But I did well in music, and I enjoyed school. But it wasn't too long after that I had to drop out to help my mom, you know, with some money, bring in some money, and I got a job. I was about seventeen-eighteen then. About seventeen. I got a job working for a brick company. When I went in the Marine Corps I did finish high school, and I did go to college a little bit.

But it was a lot going on there, so, you know – when I thought about giving this interview, I thought about, “What can I say?” You know, because certain things come, you know, and it's sometimes not fun to talk about. I don't get angry, but when I look at what's going on now, it's like deja vu. I personally didn't, you know, experience what's going on now, but you would think some things would have changed by now. And some things did – names and faces – but it's pretty much the same issues, that has not been resolved. It's been talked about – more talked about – but not much done.

I'm hop, skipping, and jumping around – if you want me to just stay on point on something -

WW: Oh no, it's fine – I'm not going to interrupt you. You're doing great. Just a couple of follow-up questions. The junior high school you went to – you talk about the gangs coming in to beat up the black students. Did you go to an integrated school? And were those attacks race-motivated? Like did they come in to try to get you to leave the school?

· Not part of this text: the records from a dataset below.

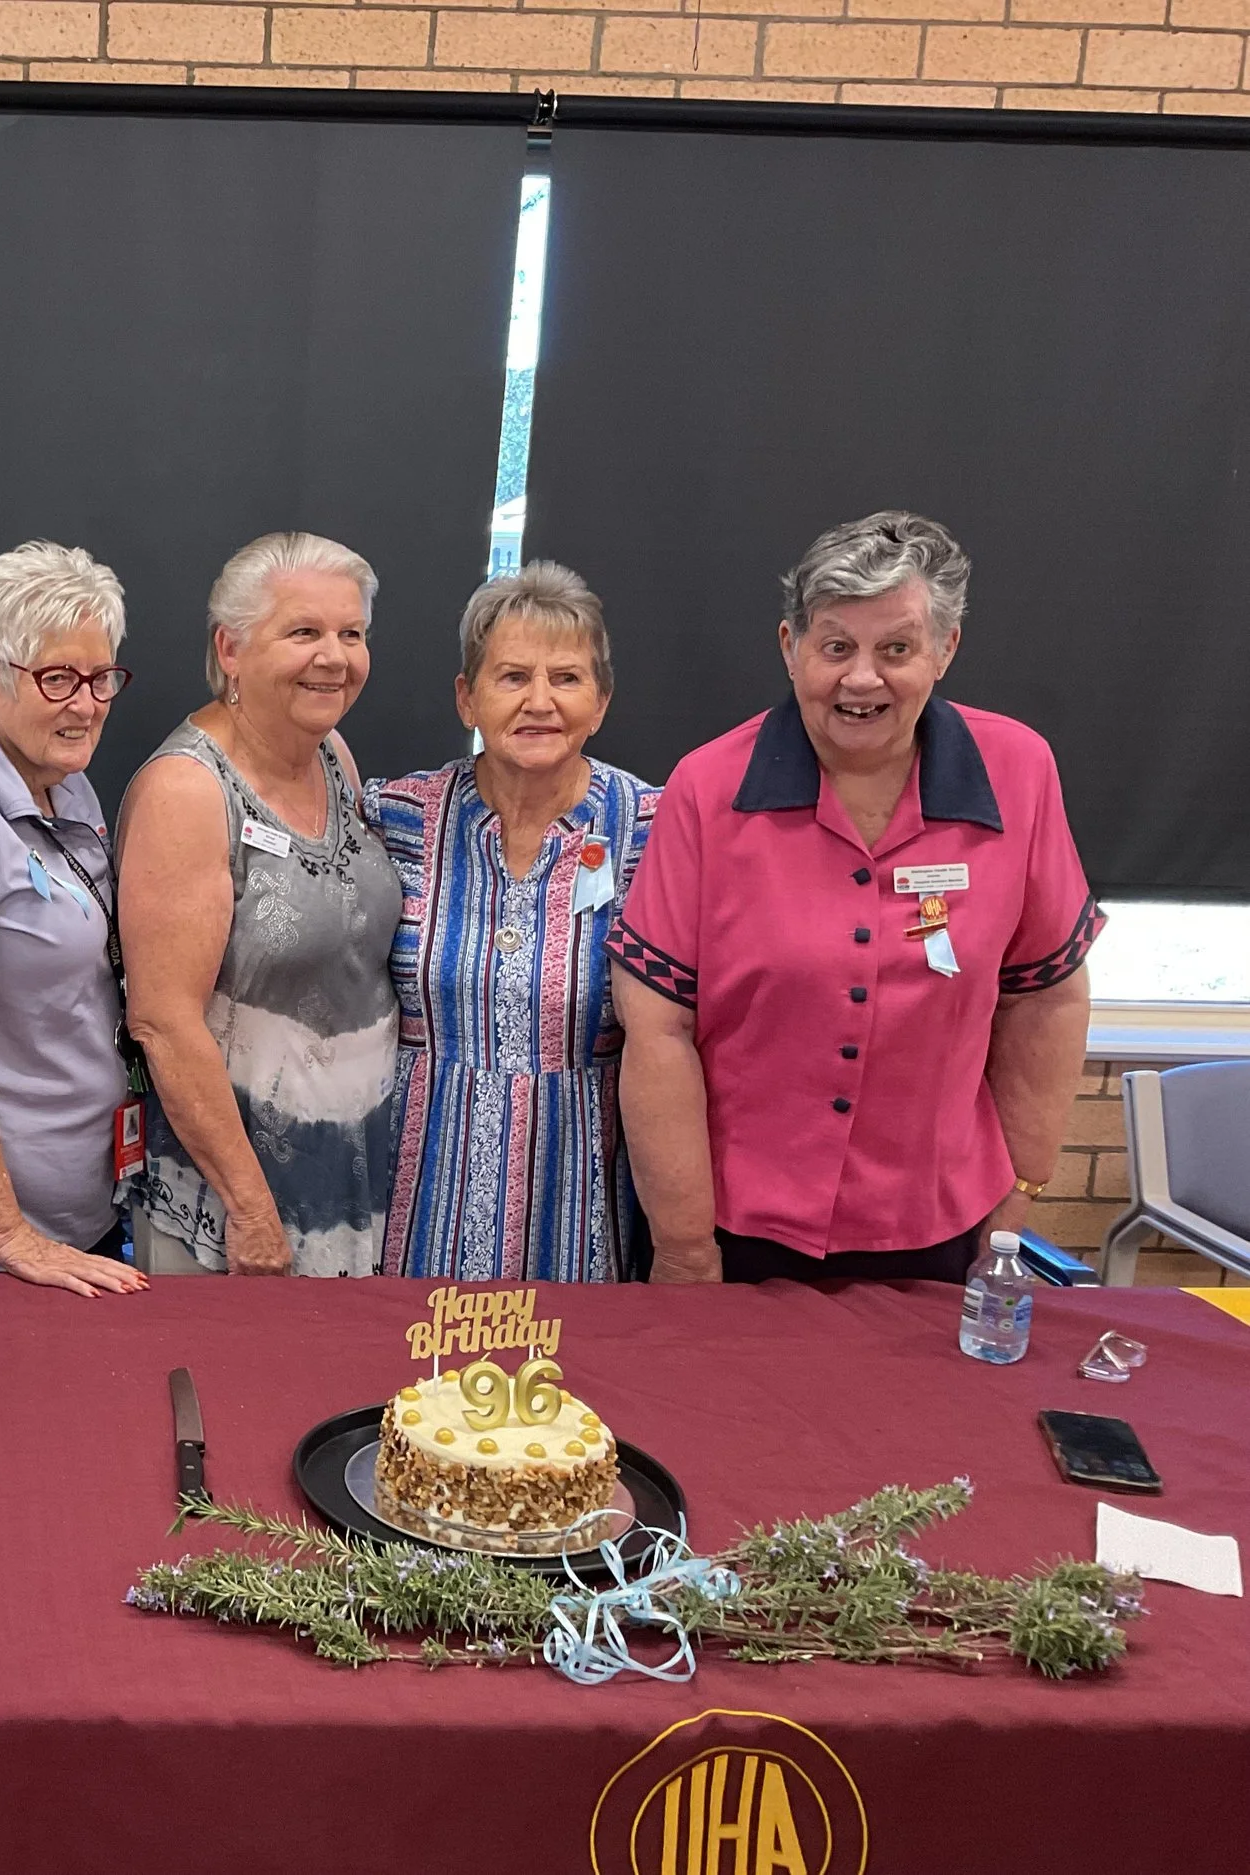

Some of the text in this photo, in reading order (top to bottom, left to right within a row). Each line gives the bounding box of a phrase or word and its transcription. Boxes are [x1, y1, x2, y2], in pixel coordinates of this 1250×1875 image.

[63, 849, 91, 887] Western
[427, 1286, 537, 1328] Happy
[405, 1314, 562, 1360] Birthday
[459, 1358, 564, 1432] 96
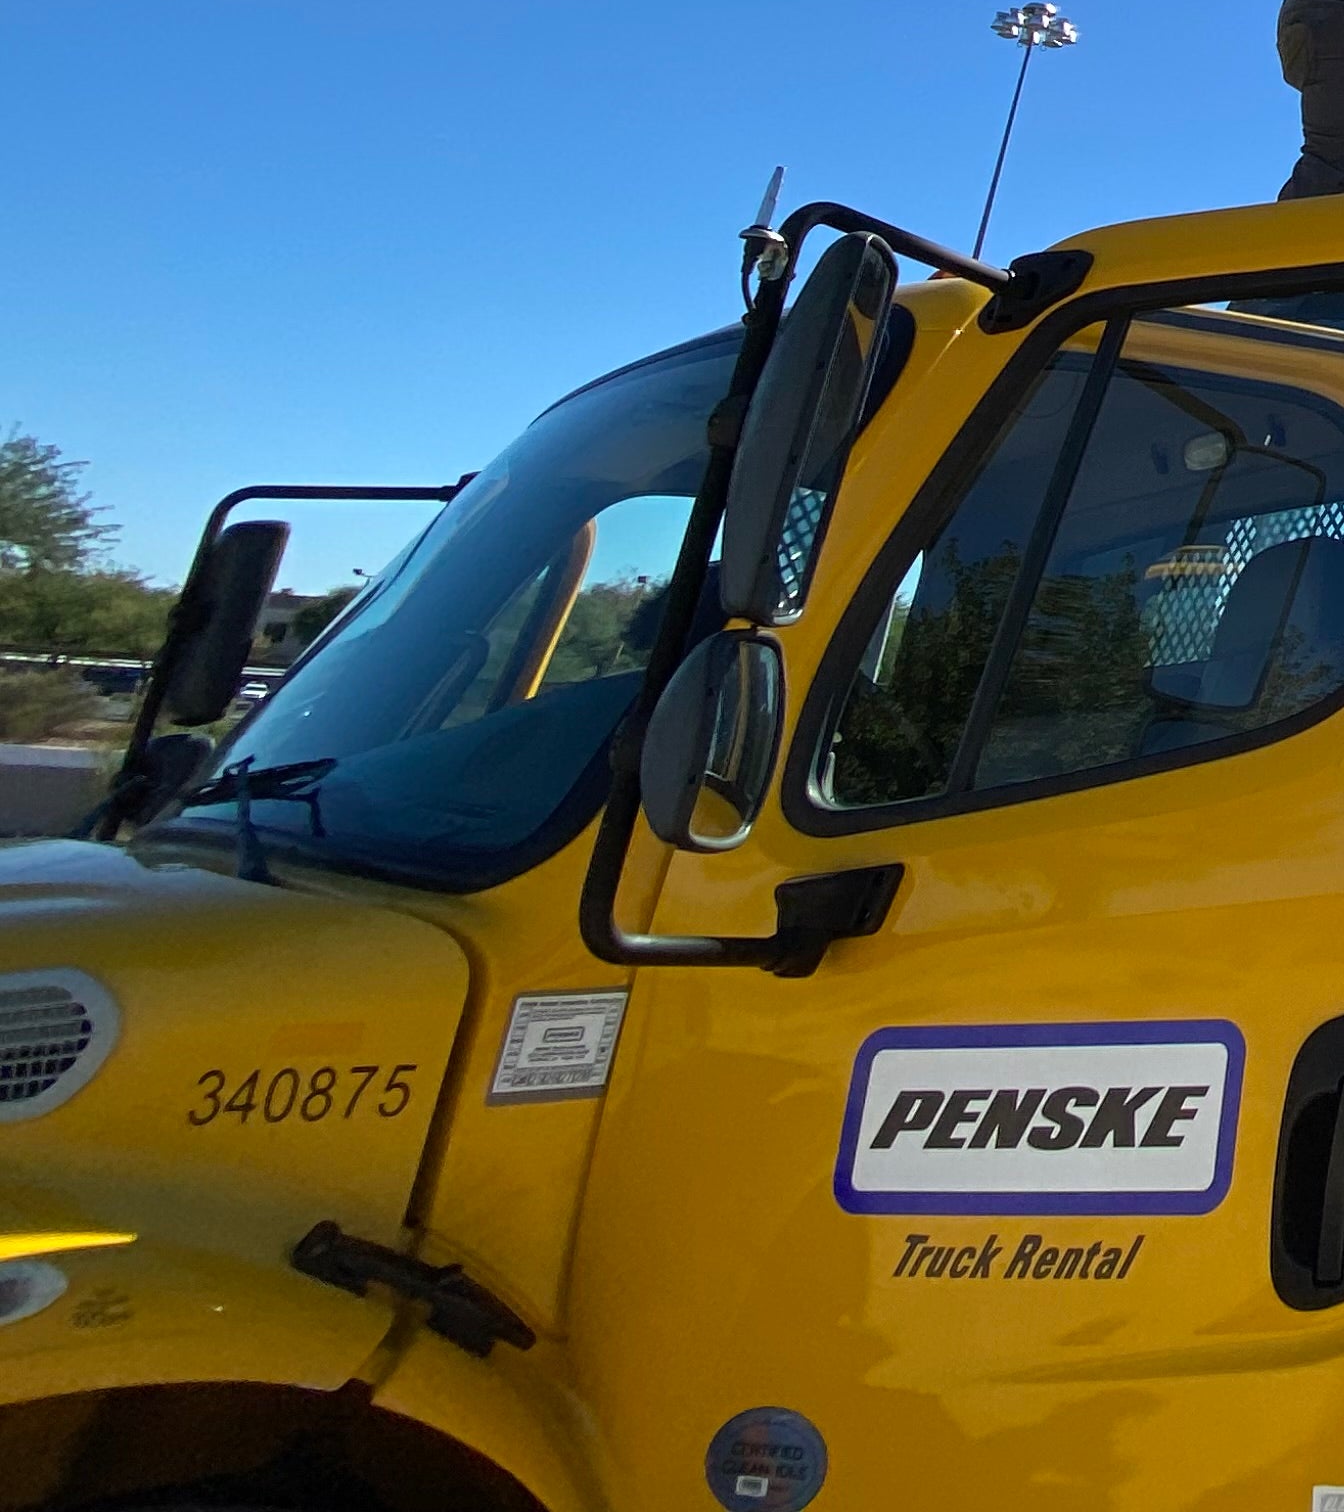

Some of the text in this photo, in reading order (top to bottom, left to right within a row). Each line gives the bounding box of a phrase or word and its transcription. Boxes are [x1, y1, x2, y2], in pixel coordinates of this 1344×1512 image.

[190, 1064, 417, 1126] 340875
[869, 1085, 1210, 1150] PENSKE
[893, 1234, 1146, 1279] Truck Rental

JJ: You know, Jackson Junior High School—because that school was in Kercheville, it was out near the Pointes—it doesn't exist any longer—the far East Side. We were bussed to that school, as well. So my assumption is that it was a mixed school. So the gangs that came in were not students. That was a gang, because they had black leather jackets on, they represented a gang. I thought, you know, once I would get in school, that the school authorities would protect the students, once we were in there. But that wasn't going on. So we had to fight, you know. I deduced that “Okay, nobody's going to help me, I guess I have to defend myself.”

Coming up as a child, and getting older, there wasn't, in my own personal life, a lot of defending going on. My mom was a single parent – mother – raising these children, and I was the second oldest, a boy – the oldest was my sister, and then it was me. And we were about two years apart. So if she's fifteen, I'm thirteen. So during these years she's fifteen, she's a girl. I'm thirteen. So a lot of protection fell on me. I had to protect my siblings – my younger ones, you know – they'd be out playing, someone wanted to bully them – well guess what? Big brother. So I was big brother. And I had to protect my mom. She was a young woman, so there were situations where there was disrespect going toward her, coming at her, and I had to protect her. So I was always defending, if you will. Defending myself, my family.

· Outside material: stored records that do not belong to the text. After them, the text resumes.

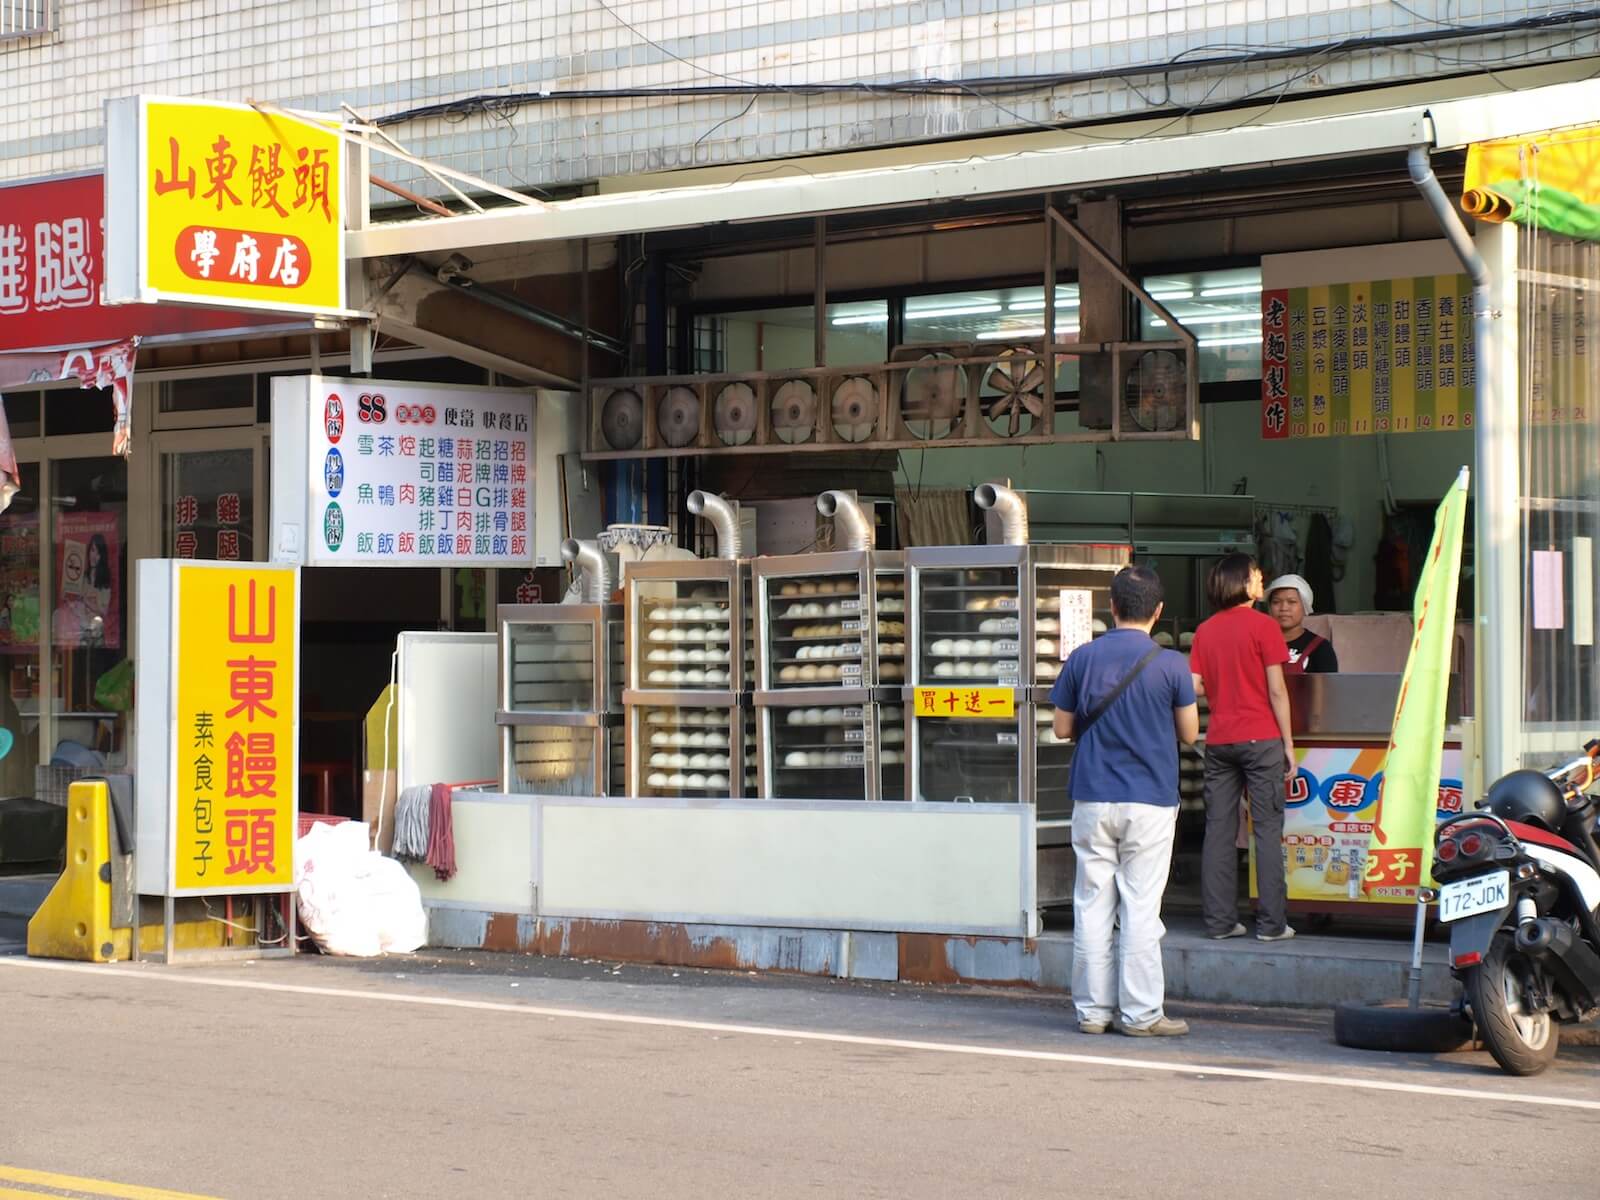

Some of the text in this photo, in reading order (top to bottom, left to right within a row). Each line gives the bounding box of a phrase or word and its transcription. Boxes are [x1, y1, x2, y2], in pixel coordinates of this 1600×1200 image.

[153, 134, 332, 224] 山東饅頭
[189, 229, 300, 285] 學府店
[1333, 304, 1348, 395] 全麥饅頭
[1353, 303, 1368, 370] 淡饅頭
[1395, 300, 1410, 367] 甜饅頭
[1416, 298, 1432, 390] 香芋饅頭
[1439, 296, 1455, 426] 養生饅頭 12
[359, 395, 386, 422] 88
[444, 407, 474, 427] 便當
[1312, 422, 1326, 434] 10
[1375, 418, 1389, 430] 13
[357, 434, 374, 553] 雪魚飯
[377, 436, 394, 554] 茶鴨飯
[418, 437, 435, 555] 起司豬排飯
[437, 437, 454, 555] 糖醋雞丁飯
[456, 439, 473, 555] 蒜泥白肉飯
[475, 440, 491, 555] 招牌G排飯
[493, 440, 509, 555] 招牌排骨飯
[511, 441, 527, 555] 招牌雞腿飯
[225, 579, 277, 875] 山東饅頭
[921, 690, 1006, 713] 買十送一
[193, 711, 214, 876] 素食包子

My granddaughter, she tickled me the other day – she was just sitting there, eating some popcorn, she said “Granddaddy, you was in the army?” I said no, I was in the Marine Corps. She paused for a moment – she's seven, she'll be eight in February – so she says, “Well why – why did you go? Why did you do that?” I said, “Well, to protect my country and protect my family.” She gets up, comes over, and gives me a kiss, and don't say nothing – sit back down.

So I said that to say – that's pretty much who I am.

WW: My next note is actually Marine Corps. So growing up in the city and experiencing racial tension and racial bigotry, how did that prepare you to be, like in the hardened situation of a Marine?

JJ: It didn't. I went into the Marine Corps at twenty-four. I was a professional musician from about twenty, right after the riots – '67 or '68 – I became a professional musician. We did real well in the city – we were very well-known, and contributed to, you know, some artists' success, if you will. I was a songwriter and a flat-out entertainer. I loved it.

But now drugs hit. And that was the worst thing that could ever happen, after the riots. The riots were bad enough, in '67. Social issues, assassinations, and what have you. It looked like, directly after that, drugs come into play. I mean, they've always been around, but it wasn't a social issue. I mean, there were those, back in the twenties, and before then. But it wasn't as rampant as it is today, and we didn't know a whole lot about that, as teenagers coming up. But after the riots, boom, there it was, and that just tore up the city. Individuals, not the city itself, but the individuals that partook of that, that lived in the city.

And I saw lives being destroyed—families. Good people—what I mean by that, people with promise, being tore down, amassing criminal records, becoming felons. The drugs just tearing them up in a physical and psychological way. So there were some issues in the group that I played in. And I decided that it was time for me to get out of the group, get out of the city. And that's when I joined the Marine Corps. I thought—and Vietnam was going on—I was fighting in the city, so I wasn't afraid of that. I was aware of that. One of my good friends I went to Northwestern with won the Congressional Medal of Honor, so, you know, there were boys—young boys at the time, young men, that became men—we were cut pretty much the same. Glen, you know, went in the Marine Corps. He survived, but lost a few limbs. I hadn't joined up then, but I had to get out, so I thought, I says, “Well okay, if I'm gonna go somewhere and be the best that I can be, I need to go.” The best, I believe, that could prepare me, for this.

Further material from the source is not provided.